6. Using objective/neutral questions or comments.

• Recording the Answers – Guidelines for recording answers to
unstructured questions:
1. Record responses during the interview.
2. Use the respondent's own words.
3. Do not summarize or paraphrase the respondent's answers.
4. Include everything that pertains to the question objectives.
5. Include all probes and comments.
6. Repeat the response as it is written down.
• Terminating the Interview – The respondent should be left with a positive
feeling about the interview.

Guidelines on Interviewer Training: The Council of American Survey Research Organizations
Training should be conducted under the direction of supervisory personnel and should cover the following:
1) The research process: how a study is developed, implemented & reported.
2) Importance of interviewers; need for honesty, objectivity & professionalism.
3) Confidentiality of the respondent & client.
4) Familiarity with market research terminology.
5) Importance of following the exact wording & recording responses verbatim.
6) Purpose & use of probing & clarifying techniques.
7) The reason for & use of classification & respondent information questions.
8) A review of samples of instructions & questionnaires.
9) Importance of the respondent’s positive feelings about survey research.
An interviewer must be trained in the interviewing techniques outlined above.
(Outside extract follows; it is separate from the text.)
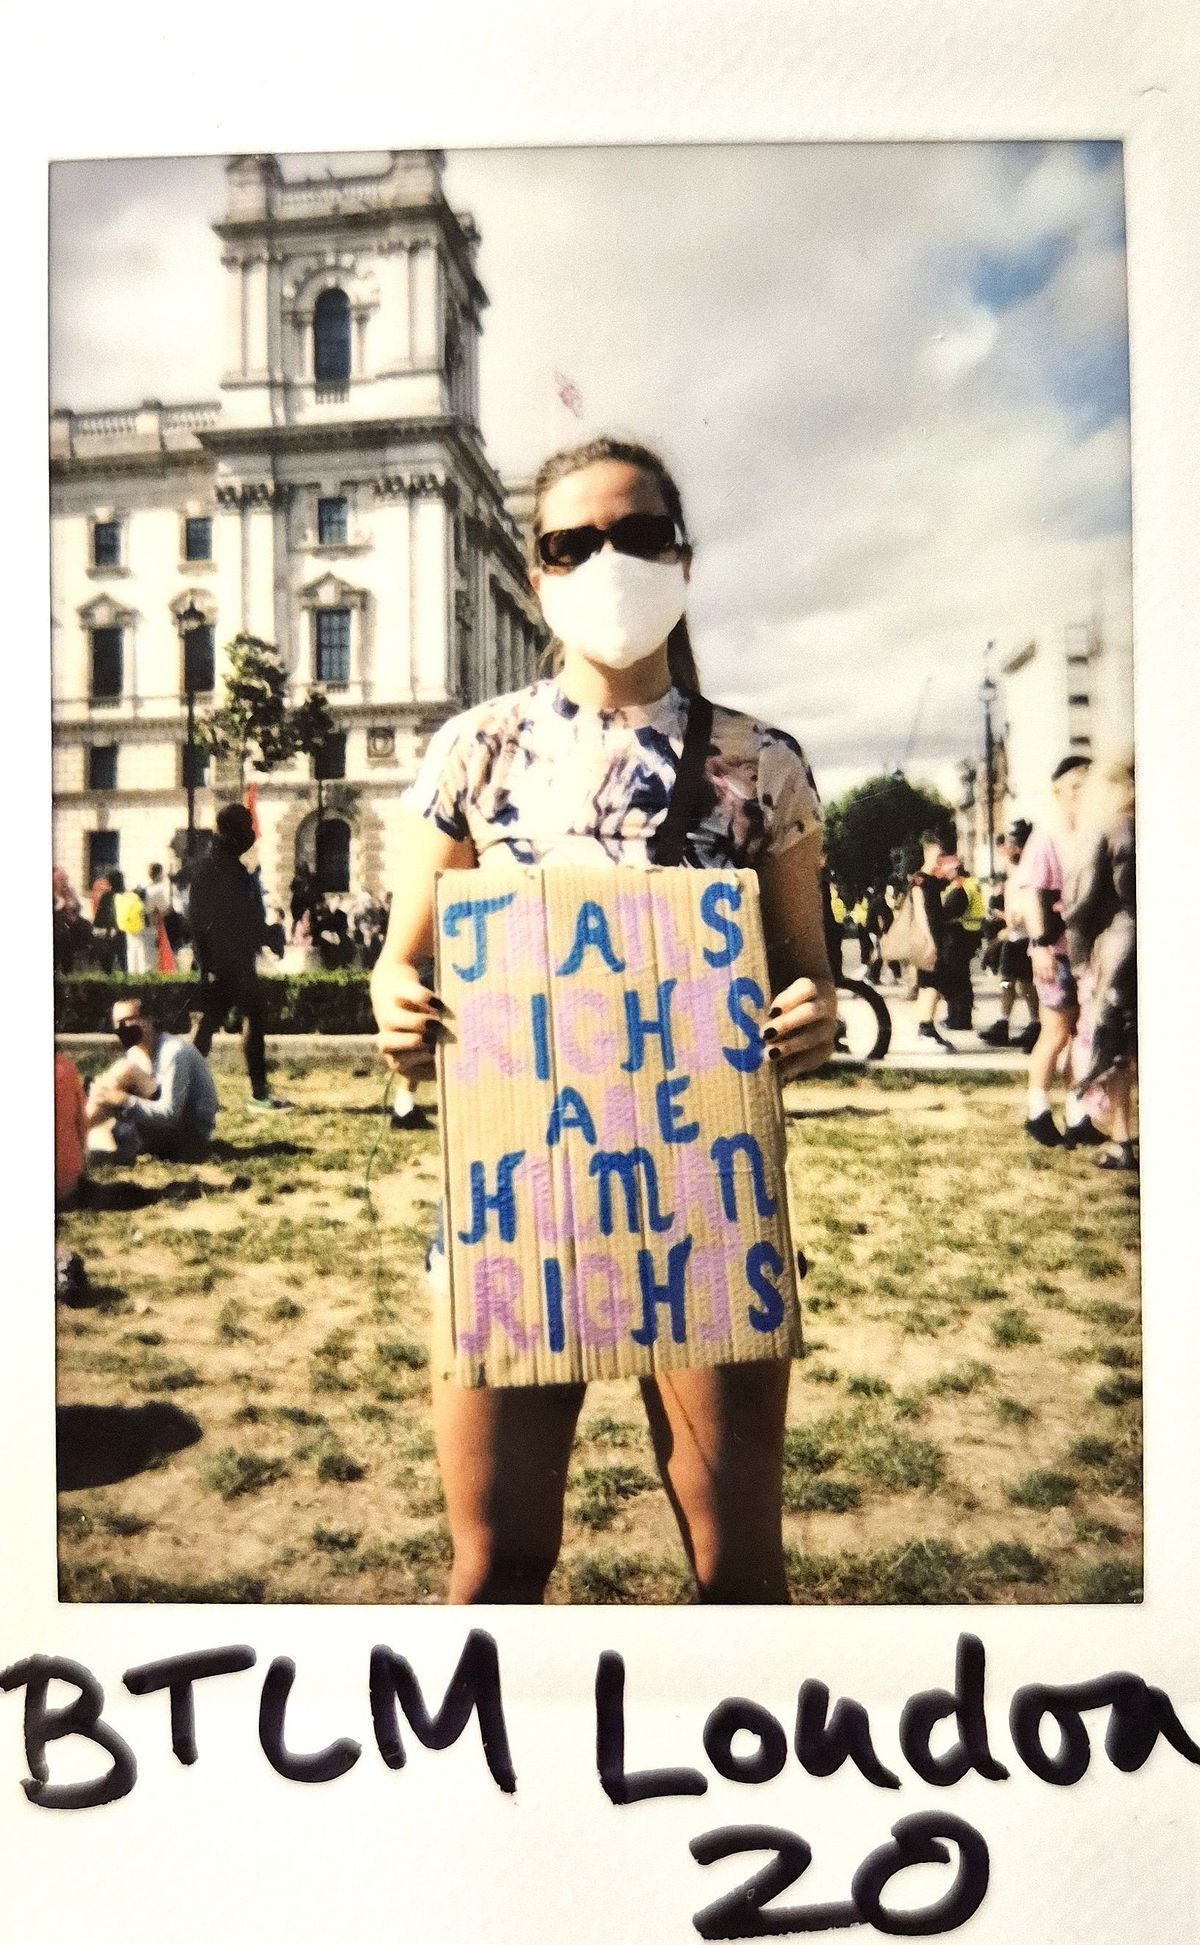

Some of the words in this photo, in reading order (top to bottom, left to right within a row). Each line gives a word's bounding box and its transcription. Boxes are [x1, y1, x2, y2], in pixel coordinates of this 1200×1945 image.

Guidelines on Supervision: The Council of American Survey Research Organizations
All research projects should be properly supervised. It is the data collection agency’s responsibility to:
1) Properly supervise interviews.
2) See that an agreed-upon proportion of interviewers’ telephone calls are monitored.
3) Be available to report on the status of the project daily to the project director, unless otherwise instructed.
4) Keep all studies, materials, and findings confidential.
5) Notify concerned parties if the anticipated schedule is not met.
6) Attend all interviewer briefings.
7) Keep current & accurate records of the interviewing progress.
8) Make sure all interviewers have all materials in time.
9) Edit each questionnaire.
10) Provide consistent & positive feedback to the interviewers.
11) Not falsify any work.

Supervision of Field Workers
Supervision of field workers means making sure that they are following the procedures and techniques in which
they were trained. Supervision involves quality control and editing, sampling control, control of cheating, and central
office control.
• Quality Control and Editing – This requires checking to see if the field procedures are being
properly implemented.
• Sampling Control – The supervisor attempts to ensure that the interviewers are strictly
following the sampling plan.
• Control of Cheating – Cheating can be minimized through proper training, supervision, and
validation.
• Central Office Control – Supervisors provide quality and cost-control information to the central
office.

Validation of Fieldwork
Validation:
• The supervisors call 10 - 25% of the respondents to inquire whether the field
workers actually conducted the interviews.
• The supervisors ask about the length and quality of the interview, reaction to
the interviewer, and basic demographic data.
• The demographic information is cross-checked against the information
reported by the interviewers on the questionnaires.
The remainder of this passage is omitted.